Wednesday 21 September 2011

Money doesn't only corrupt, far worse than that, it produces some god almighty results

Where was I before I was rudely interupted by having to work for the last day or two, oh yes, I was off to investigate. My school years at one of the city's leading educational establishments gives me quite a bit of insight into bad taste.

The upper class in this city like to speak through their nostrils, it's a West End thing, hard to describe and quite put on. I like to think of it as a fluctuating drawl. Looking down their noses takes on a whole new meaning when they're speaking down their noses too. Don't get me wrong I often like to pick up the kids for not pronouncing their T's, and they in turn like to pick me up for slipping up on mine. And having lived in Inverness, where they speak with a lilt in their voice, I'm well aware of my own dulcet Glaswegian tones.
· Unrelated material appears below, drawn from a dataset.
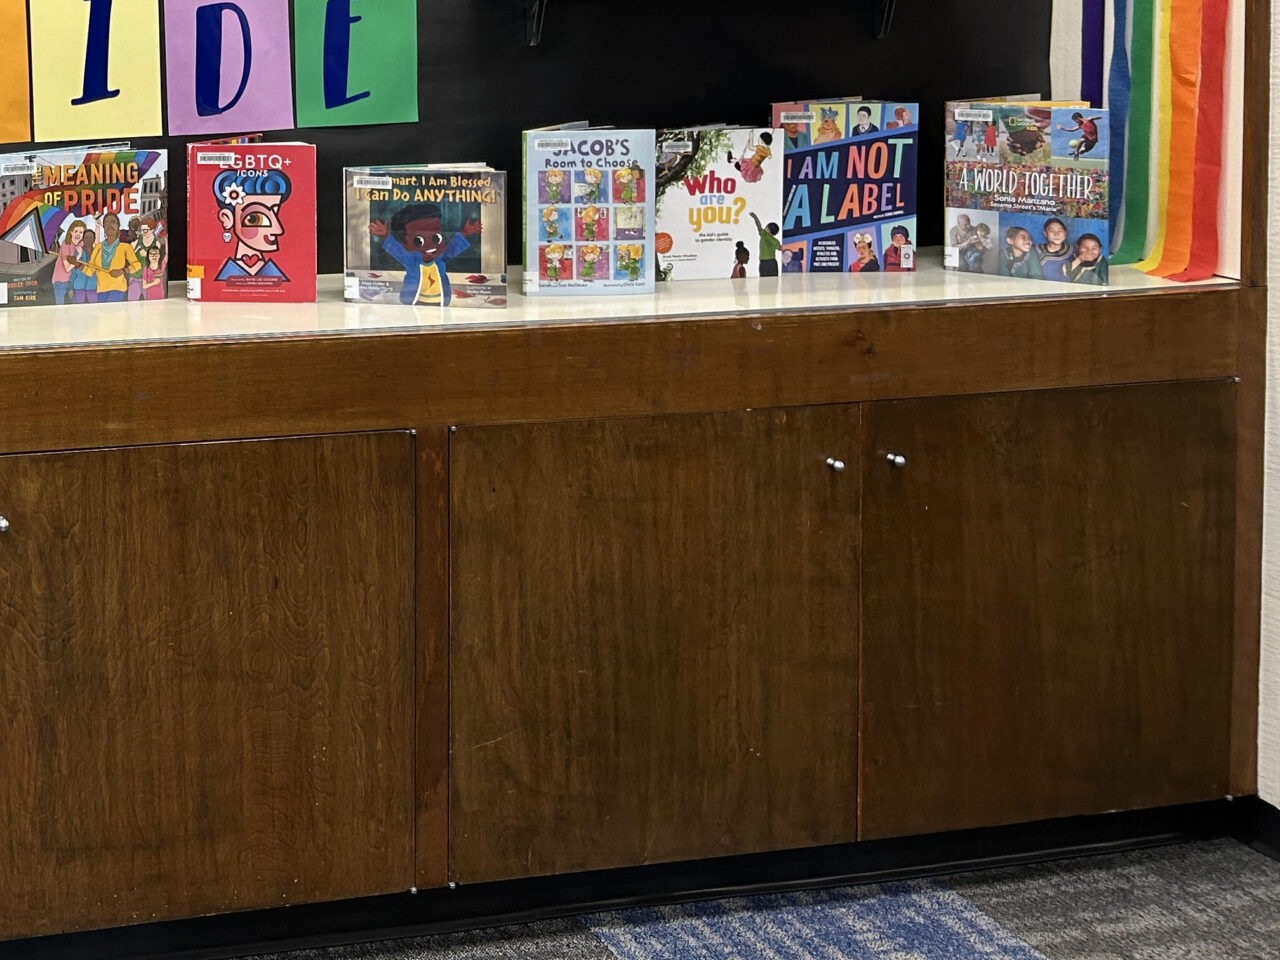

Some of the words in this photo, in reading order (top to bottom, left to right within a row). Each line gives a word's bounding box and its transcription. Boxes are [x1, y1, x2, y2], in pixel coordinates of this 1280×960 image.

Again I'm procrastinating. Whilst looking for inspiration for this blog, and sticking with the theme that women with too much disposable income to squander often get it wrong, my twitter followers, friend or foe, provided me with all the ammunition I needed.

Take one successful entrepreneur for example; not content with millions in the bank, she's embarked on her own PR campaign. Mirror, mirror on the wall who's the fairest of them all? And at that level of exposure you'd like to think the neediness for admiration wouldn't be wanted, let alone sought after. Money doesn't only corrupt, far worse than that, it produces some god almighty results. Leopard print is making a renaissance in these parts. Yes, leopard print. Head to toe leopard print ensembles, and I can't think of any woman of any age who would look good in this? Limit the print to one item only is my advice, if you must.

Blondes too, and I'm partial to a little bleaching so I can say this, but there comes an age in everywoman's life when you should tone it down. Being wolf whistled when you're a granny may give you a confidence boost, however it could cause a pile up when your admirer realises he's just tooted his mother. I'm not sure when the right time is to dispense with the California Bleached Blonde look or rather Glasgow's national colour, but there is a time. Perhaps it's when your skin has turned maghonomy and you're not the spring chicken you once were.